Collaborative Research on Models of Bargaining and Price Determinantion of residential Real Estate, With and Without Real Estate Agents
Current (2006-08-01 - 2009-07-31)
NSF
Abstract
Residential real estate accounts for a large share of wealth and GDP in modern economies. In addition, the majority of households own their homes and the sale and/or the purchase of a home is often the largest financial transaction a household engages in. Surprisingly, there are few models available to analyze the housing transaction process. This research will study the transaction process in the housing market. It will develop computationally tractable models of the behavior of buyers, sellers, and intermediaries in the housing market, and estimate the models using a high frequency micro data on individual housing transactions, which include how list prices are revised over time, information on each visit by buyers, and outcomes of bargaining for a large sample of homes over a long period of time the PIs will collect in both the US and the UK. The model has 3 agents---seller, buyers, and real estate agents who interact in several bargaining rounds. Real estate agents are modeled as having access to a technology and data (the MLS) that can increase the arrival rate of buyers as well as match potential buyers to sellers.
This research extends, applies, and empirically implements theories of dynamic decision making and bargaining under incomplete information to the housing market, in order to describe the operation and efficiency of these large markets. This is the first attempt to apply dynamic decision making to the housing market, a significant contribution to the existing literature. Understanding the transaction process in the housing market is important in itself. In addition, there are potential public policy benefits resulting from better analytical models of the residential real estate market. For example, the U.S. Department of Justice is currently investigating the U.S. National Association of Realtors to determine whether it has created unfair barriers to entry, particularly in restricting access to the MLS, in order to maintain large real estate commissions. The result of this research could be very useful in such litigation.

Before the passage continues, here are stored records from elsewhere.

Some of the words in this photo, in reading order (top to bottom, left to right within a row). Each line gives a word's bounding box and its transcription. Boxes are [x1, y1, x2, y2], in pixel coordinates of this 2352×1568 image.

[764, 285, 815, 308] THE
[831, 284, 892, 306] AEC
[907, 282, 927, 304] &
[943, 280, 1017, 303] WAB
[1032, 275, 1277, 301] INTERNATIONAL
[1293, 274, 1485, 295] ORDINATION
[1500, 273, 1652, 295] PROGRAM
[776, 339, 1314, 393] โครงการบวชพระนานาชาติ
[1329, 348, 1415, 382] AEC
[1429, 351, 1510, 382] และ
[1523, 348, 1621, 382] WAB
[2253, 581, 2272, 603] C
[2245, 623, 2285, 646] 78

The analysis will be extended to include other real estate intermediaries and an endogenous choice of whether to sell via a real estate agency, or to sell by owner. This will allow researchers industrial organizational issues connected with real estate agents, including endogenous determination of real estate contracts and commissions. Using data from both the US and the UK allows the PIs to shed light on institutions, laws, and customs affect the relative efficiency of different forms of organization of the housing market. The results from this research should also help households and real estate agents understand the trade-offs at play when formulating home selling or buying strategies.

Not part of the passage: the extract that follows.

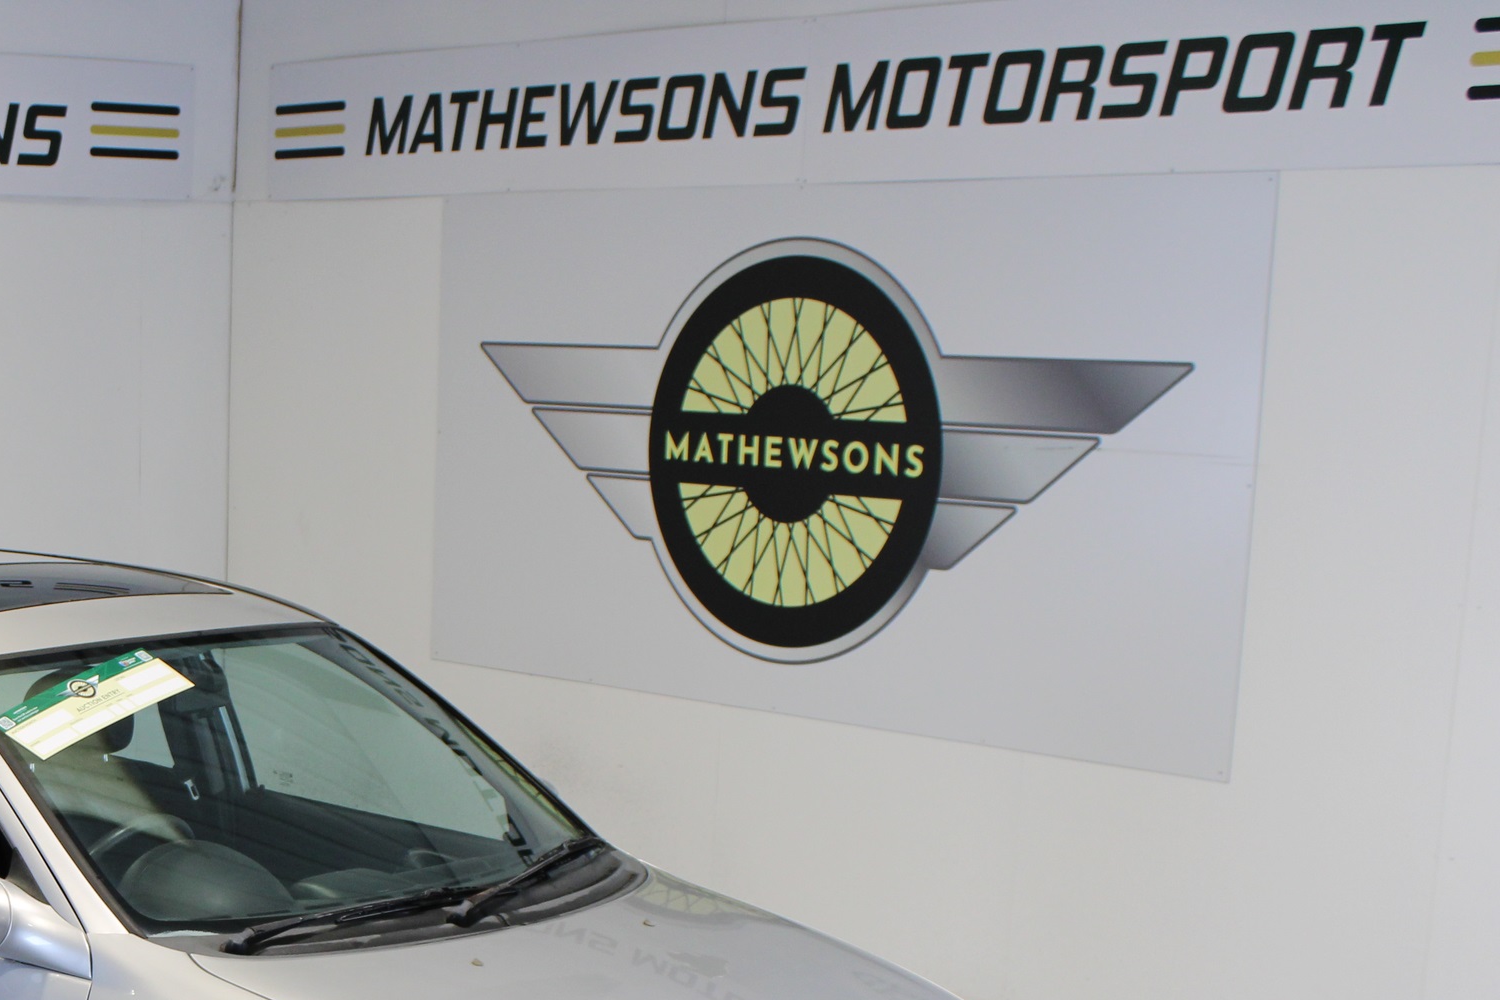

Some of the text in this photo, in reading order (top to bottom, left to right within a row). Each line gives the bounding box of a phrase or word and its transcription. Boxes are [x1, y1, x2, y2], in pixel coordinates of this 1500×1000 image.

[364, 20, 1428, 157] MATHEWSONS MOTORSPORT
[664, 429, 926, 479] MATHEWSONS
[101, 689, 122, 700] ENTRY

Optimal Harvesting of Timber: Valuing Timberland with Stochastically Evolving Timber Volume and Prices Using Linked Biological/Geographical Data from British Columbia
Current (2003-07-01 - 2007-06-30)
NSF
Abstract
In environmental and natural resource economics, the management of renewable natural resources is of considerable interest to economists because the prospect of stewarding a resource forever has practical importance and real-world relevance. Moreover, because past failures in managing certain renewable natural resources properly have lead to the extinction of several species, developing practical strategies for managing remaining renewable natural resources is both timely and useful. This project investigates in detail the management of one renewable natural resource, timber, in the province of British Columbia, Canada.
For a Timber Supply Area (TSA) in British Columbia the investigators have obtained unique access to extremely detailed site-level data, which are used by timber-supply managers in the British Columbia Ministry of Forests when making harvesting decisions. In particular, they have access to elaborate linked biological and geographical data in the form of a Geographical Information System (GIS) at the grid level which, in this case, is a hectare or 100 meters square. Thus, for every hectare in the Fraser TSA, which is located near Vancouver, British Columbia and contains several hundreds of thousands hectares, officials at the Ministry of Forests provide the investigators with a wide variety of biological, engineering, and geographical information relevant to harvesting timber. In addition, they also have access to the harvesting strategies proposed and, in some cases, the decisions implemented by the Minister of Forests, so they can compare our estimated decisions with actual ones.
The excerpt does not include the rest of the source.